Remote C/C++ compilation using Ccache & Distcc
Here at Zaleos, we are in favor of testing everything in our development process. In one of our larger projects, we are using C/C++, and we have been adding more tools to our CI pipeline to test more and more aspects of the code. We have unit tests, memory leak checkers, code format checkers, integration tests, API tests, documentation tests…
The problems start kicking in
Even though all the testing, in general, is a great thing, it did have a major drawback: our build times on CI sometimes take up to an hour on the longer jobs.
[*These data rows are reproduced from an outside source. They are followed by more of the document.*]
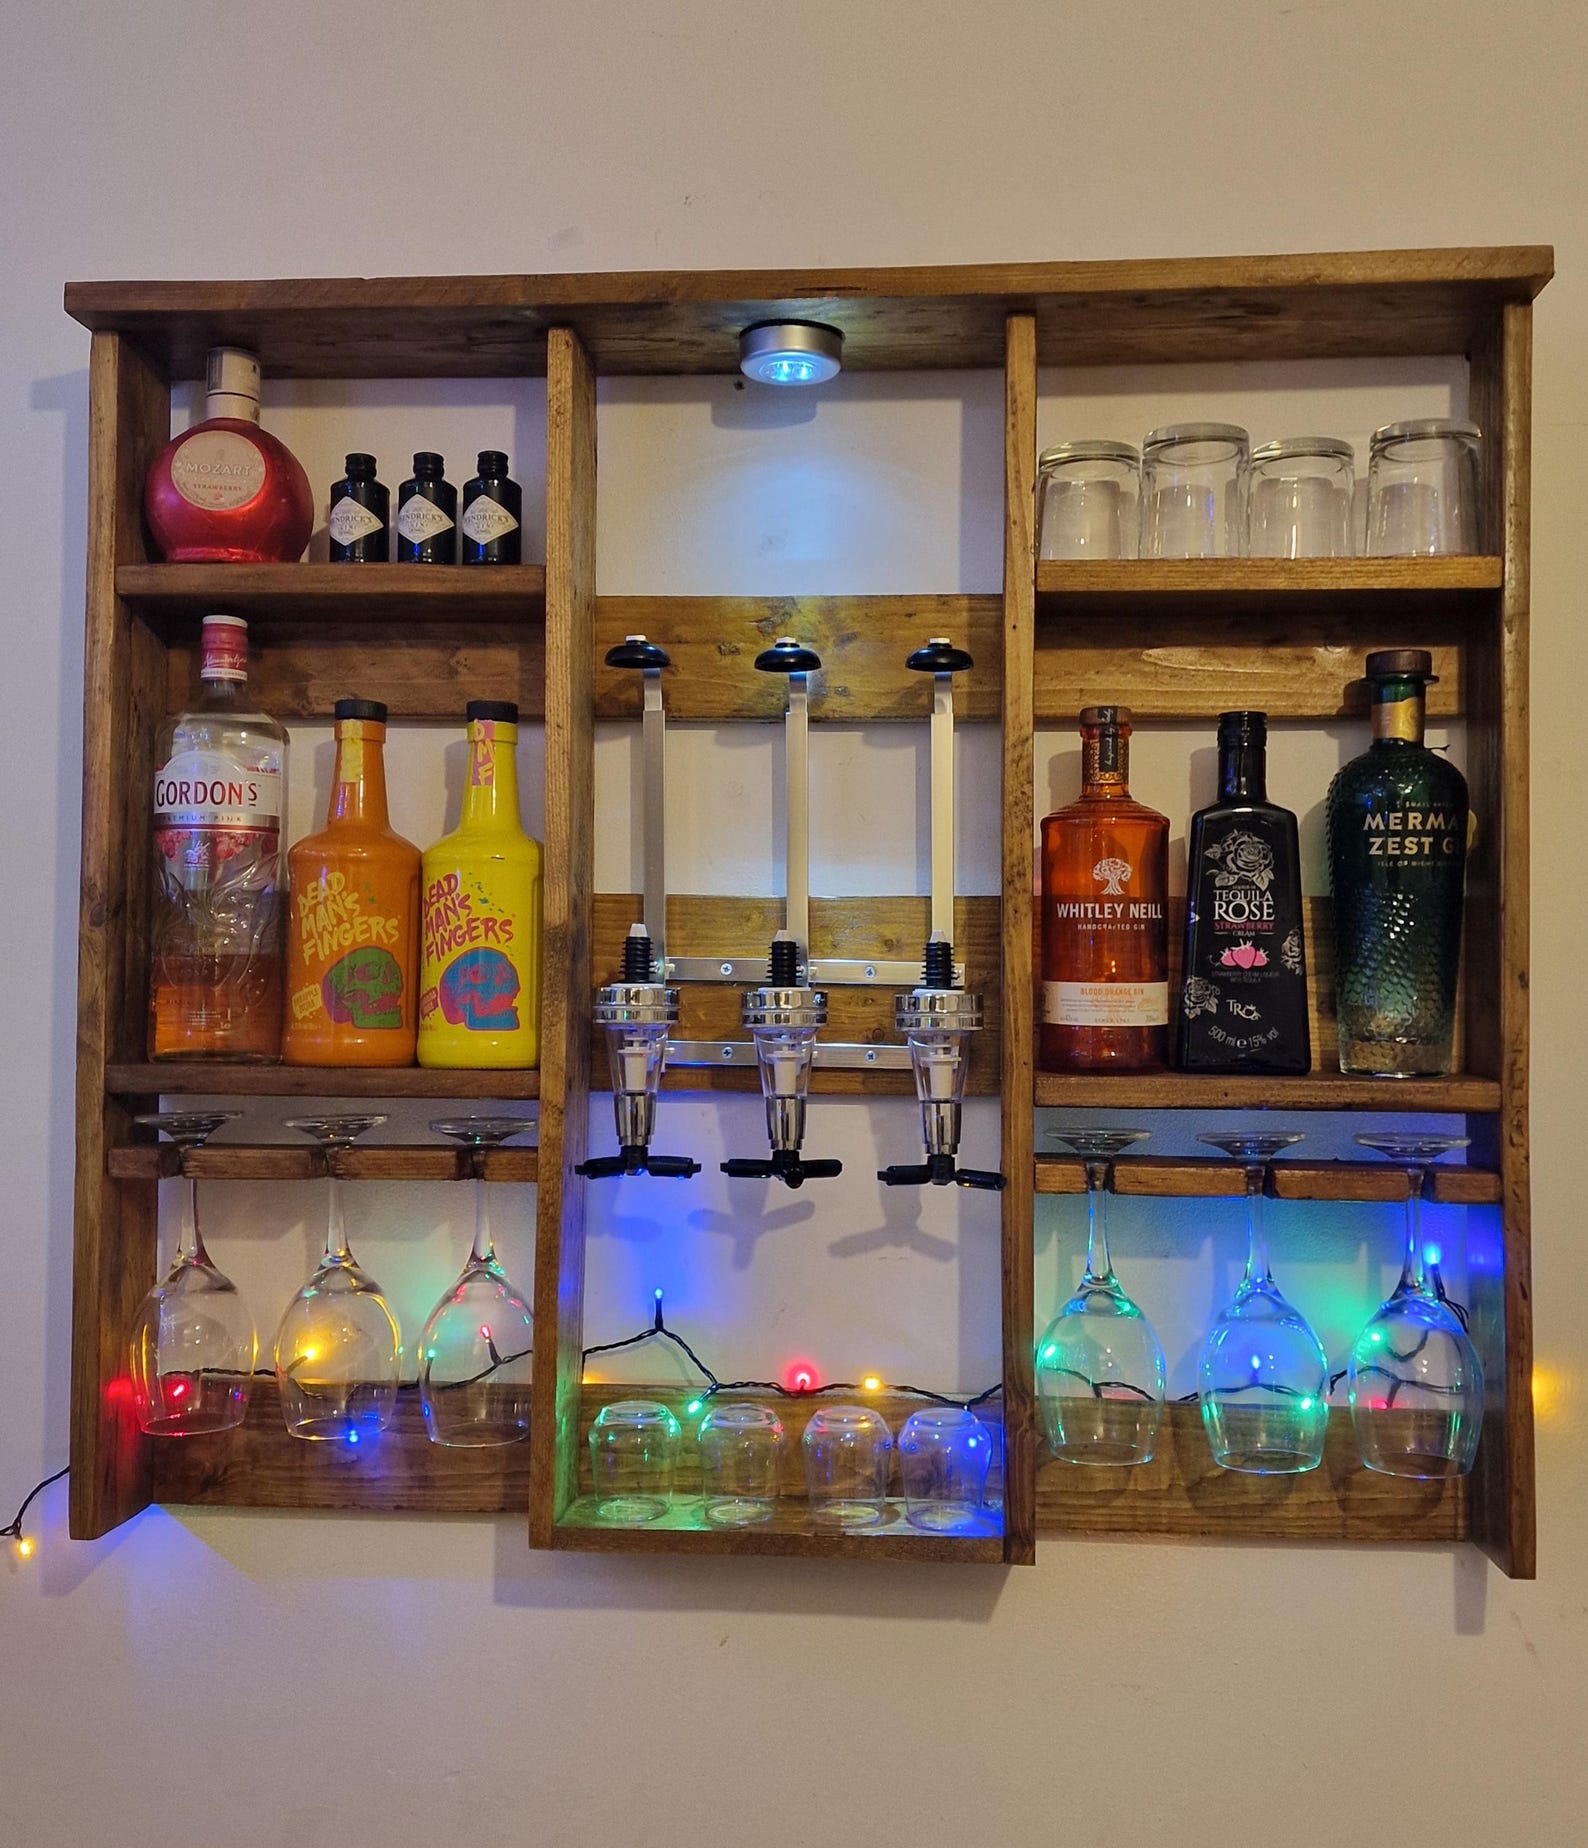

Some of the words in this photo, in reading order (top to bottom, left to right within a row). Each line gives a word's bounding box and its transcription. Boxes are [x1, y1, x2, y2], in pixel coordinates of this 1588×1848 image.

[186, 463, 252, 475] MOZART
[156, 779, 258, 808] GORDON'S
[1368, 836, 1434, 855] ZEST
[297, 871, 345, 918] DEAD
[424, 873, 460, 920] DEAD
[1213, 889, 1273, 902] TEQUILA
[301, 891, 361, 940] MAN'S
[1056, 902, 1125, 919] WHITLEY
[1129, 902, 1163, 919] NEILL
[1213, 901, 1275, 923] ROSE
[1214, 921, 1274, 930] STRAWBERRY
[303, 915, 400, 966] FINGERS
[426, 917, 514, 968] FINGERS
[1080, 986, 1102, 996] BLOOD
[1208, 1025, 1227, 1042] 500
This situation is not ideal, so we had to look into a solution, and our CI provider did not scale adequately for our case.
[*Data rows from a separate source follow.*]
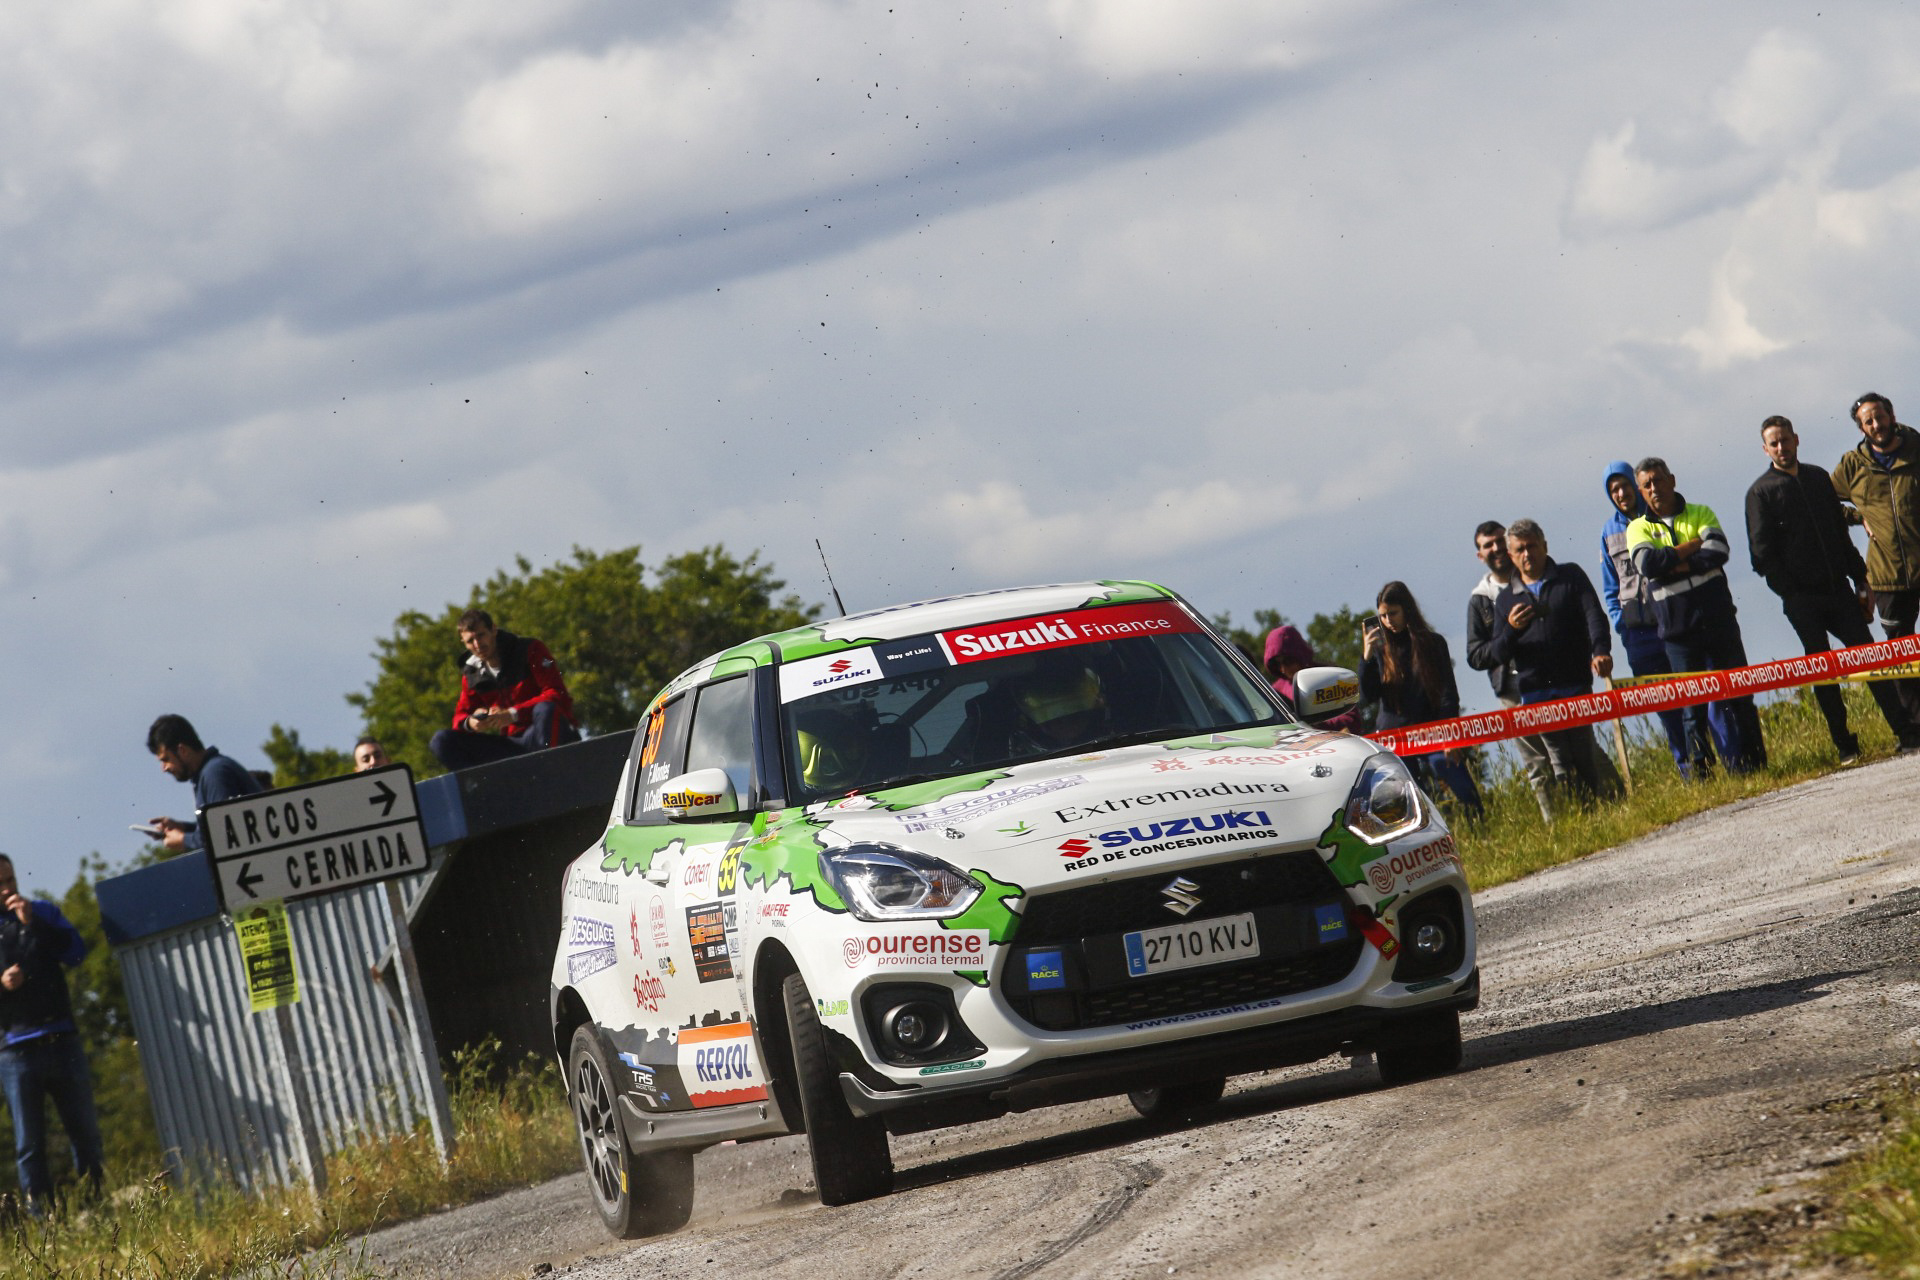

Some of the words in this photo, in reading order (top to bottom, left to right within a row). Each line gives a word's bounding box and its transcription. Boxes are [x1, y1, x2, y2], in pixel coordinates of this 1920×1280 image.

[954, 618, 1077, 657] Suzuki
[1080, 617, 1172, 637] Finance
[887, 653, 903, 661] Way
[1836, 643, 1892, 669] PROHIBIDO
[812, 668, 871, 687] SUZUKI
[1729, 664, 1784, 689] PROHIBIDO
[1783, 656, 1828, 678] PUBLICO
[1621, 683, 1676, 708] PROHIBIDO
[1675, 676, 1720, 698] PUBLICO
[1513, 702, 1568, 729] PROHIBIDO
[1567, 695, 1612, 719] PUBLICO
[1406, 722, 1460, 748] PROHIBIDO
[1460, 714, 1504, 738] PUBLICO
[662, 792, 722, 808] Rallycar
[1053, 781, 1290, 824] Extremadura
[224, 797, 318, 850] ARCOS
[1098, 810, 1273, 848] SUZUKI
[286, 831, 413, 890] CERNADA
[1064, 856, 1099, 872] RED
[1104, 851, 1127, 863] DE
[1128, 829, 1279, 857] CONCESIONARIOS
[718, 845, 744, 892] 55
[574, 868, 619, 905] Extremadura
[762, 903, 791, 918] MAPFRE
[1320, 920, 1343, 932] RACE
[569, 915, 616, 947] DESGUACE
[866, 934, 981, 955] ourense
[1145, 931, 1204, 965] 2710
[1209, 921, 1254, 954] KVJ
[877, 954, 937, 967] provincia
[941, 954, 984, 965] termal
[1031, 969, 1060, 979] RACE
[1133, 958, 1142, 968] E
[1125, 998, 1282, 1031] www.suzuki.es
[631, 1070, 654, 1086] TRS
[696, 1043, 753, 1082] REPSOL
[925, 1061, 980, 1073] TRADISA
Giving Ccache & Distcc a spin
We were already using Ccache in our build flow, which is a great, simple tool for caching build artifacts. Ccache has helped us a lot, but it isn’t enough to keep the build times acceptably low. We decided to try distcc as a possible mid-term solution to our problem. For those unfamiliar with distcc, it is a tool used to distribute the compilation of C/C++ code across different machines.
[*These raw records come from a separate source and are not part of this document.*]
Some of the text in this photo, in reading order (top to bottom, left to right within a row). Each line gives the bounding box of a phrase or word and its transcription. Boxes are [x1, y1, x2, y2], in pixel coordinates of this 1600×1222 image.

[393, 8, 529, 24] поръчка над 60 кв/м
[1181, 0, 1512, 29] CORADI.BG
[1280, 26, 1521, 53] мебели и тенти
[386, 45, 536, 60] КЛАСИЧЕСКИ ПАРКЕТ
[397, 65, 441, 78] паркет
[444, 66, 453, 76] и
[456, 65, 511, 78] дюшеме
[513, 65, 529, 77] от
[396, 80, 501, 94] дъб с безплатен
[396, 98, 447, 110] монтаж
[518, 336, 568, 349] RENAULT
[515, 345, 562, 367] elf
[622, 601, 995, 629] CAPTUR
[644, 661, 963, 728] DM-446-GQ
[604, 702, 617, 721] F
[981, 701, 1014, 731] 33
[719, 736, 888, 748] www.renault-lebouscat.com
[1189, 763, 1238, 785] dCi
Our goal was to use trigger builds on our local machines which would compile on the build farm, and then cache the results, so that other developers or even the CI platform itself could then use the cache to speed up their build process. Distcc can be set up to use ssh to communicate with the build server, to minimize security risks.
With this setup, there are 3 possible build scenarios:
1. The cache is not available on the local or remote Ccache
2. The cache is not available locally but is available on the build server
3. The cache is available locally, so the remote build server is not queried at all
We're going to go over each of these mentioned scenarios, let's get started!
Initial setup
On the build client-side, to use Distcc and Ccache together, we use the CCACHE_PREFIX setting for Ccache, which executes the command passed to it (distcc in this case) before calling the compilation command. This is done with the following line in our build script:
export CCACHE_PREFIX=distcc
There are two ways of connecting to the build client and build server using distcc: by direct TCP connection (usually on port 3632), or by SSH (in which the distcc client transparently connects over SSH and executes a distcc command). The advantage of using direct TCP connections is that the communication is faster, but on the downside, it is not secure. This option should only be used on private, trusted networks, otherwise SSH should be used. The setup we made uses SSH for the communication.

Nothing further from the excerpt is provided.